A. Identifying discrimination

BigBankCorp has almost 29,000 employees and 35% of them belong to the BAME category. A manager from Human Resources looked at the chances of promotion for each ethnic categories.

The promotion rate of BAME employees stands at 3.5%, which is about 35% lower than the rate of non-BAME employees. But, the chances of promotion by business unit (Consumer vs business-to-business) are so similar that we may think the difference would only reflect sampling variations (not true differences in means).

The results cause some confusion. The HR manager asks: “Should we double check the numbers?”

“Should I cut the data in a different way, for example, using more granular business departments?”

“What would we conclude if then percentages are similar between minorities and non? What if they show an inverse trend, as we thought would be the case?”

“Hold on, what’s the question, again?”

A causal diagram can help formulate the problem:

graph TD E((E: Ethnic_category)) D((B: Business_unit)) O((O: Outcome)) E --> D E -->|?| O D --> O

The diagram shows that an employee’s ethnic category influences their choice of business unit, which has an impact on promotion. We assume that B2B is BigBankCorp’s growth engine, which offers more opportunities for promotion.

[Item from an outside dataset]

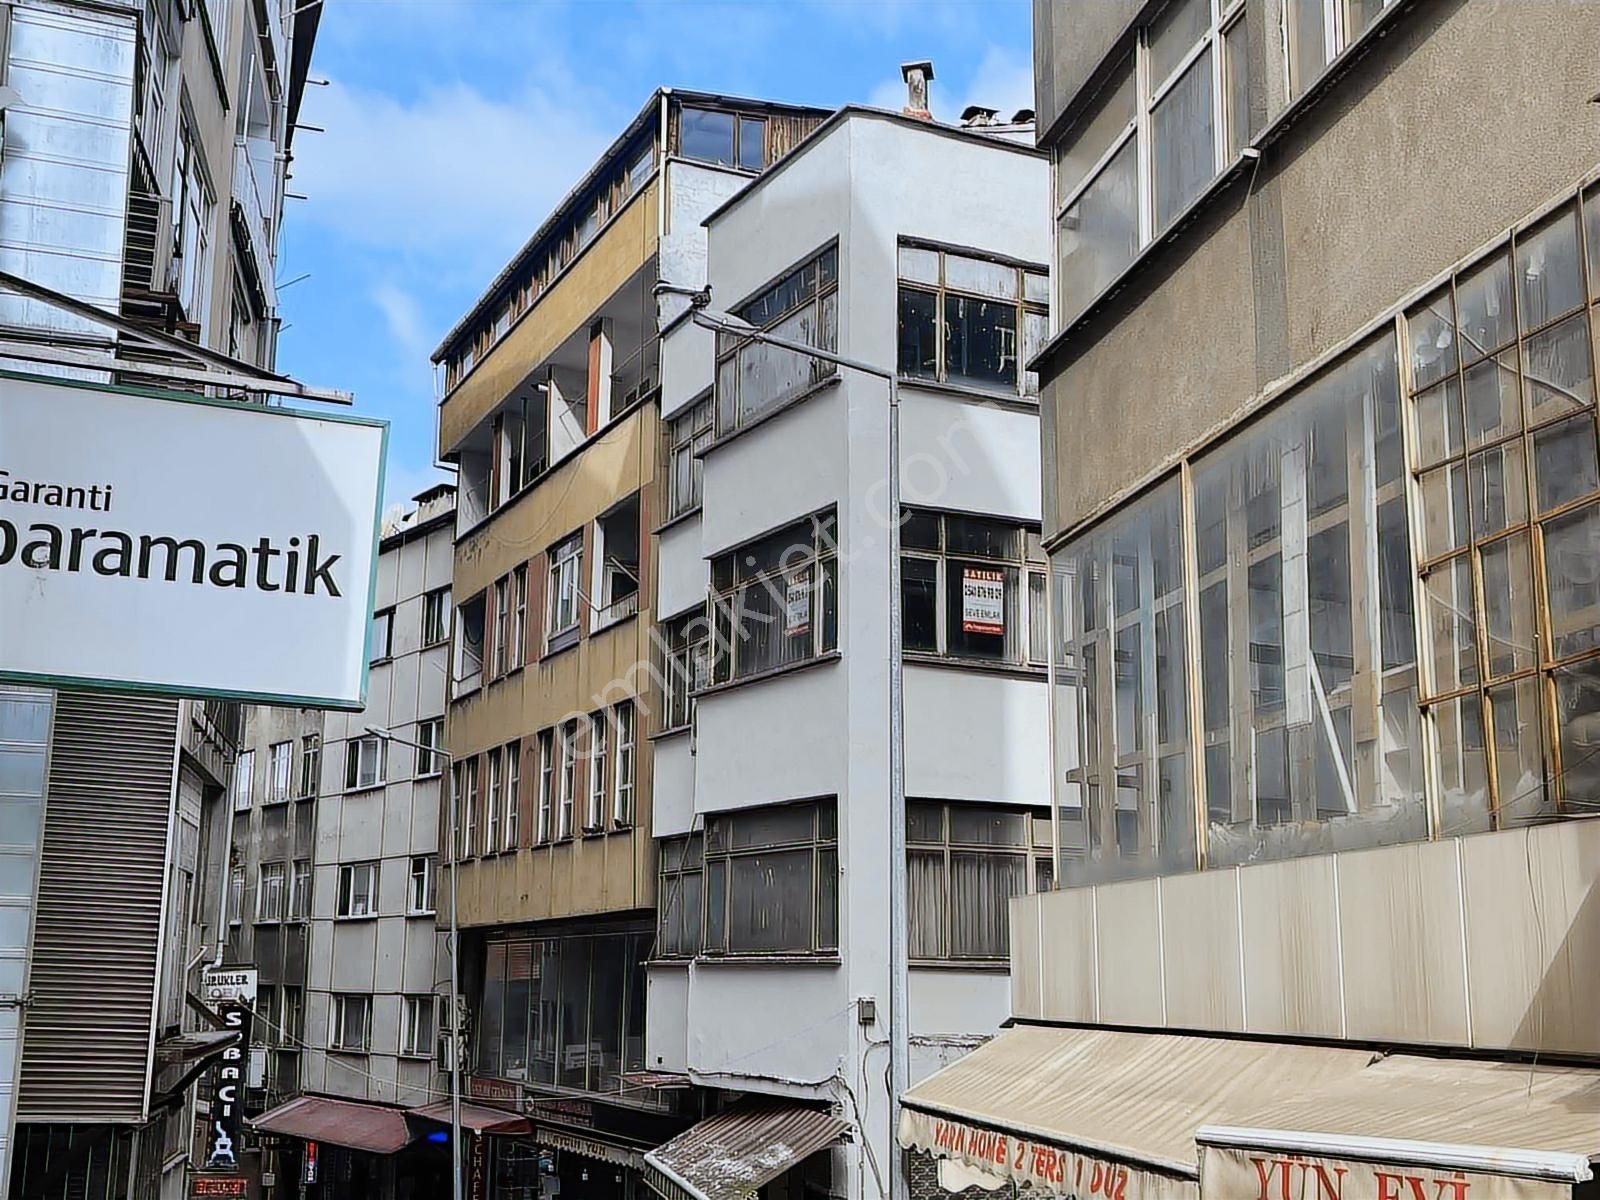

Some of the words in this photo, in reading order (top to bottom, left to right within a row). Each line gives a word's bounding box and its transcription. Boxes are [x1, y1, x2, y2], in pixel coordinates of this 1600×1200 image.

[218, 1011, 243, 1117] SBACI
[967, 1129, 1008, 1165] HOME
[1014, 1141, 1026, 1171] 2

The question mark on the direct arrow indicates that E may or may not be a direct influence on the outcome O. A non-zero effect would be evidence of discrimination on a racial basis.

A few observations

  • There must be a “mechanism” through which discrimination would happen, e.g. a bigoted assessor who sits on the promotion panel or an unconscious bias in all assessors
  • Because we assume that the only other factors linked to ethnicity that influence promotions is B, what remains is discrimination; the actual mechanism doesn’t matter so we call discrimination the “direct effect”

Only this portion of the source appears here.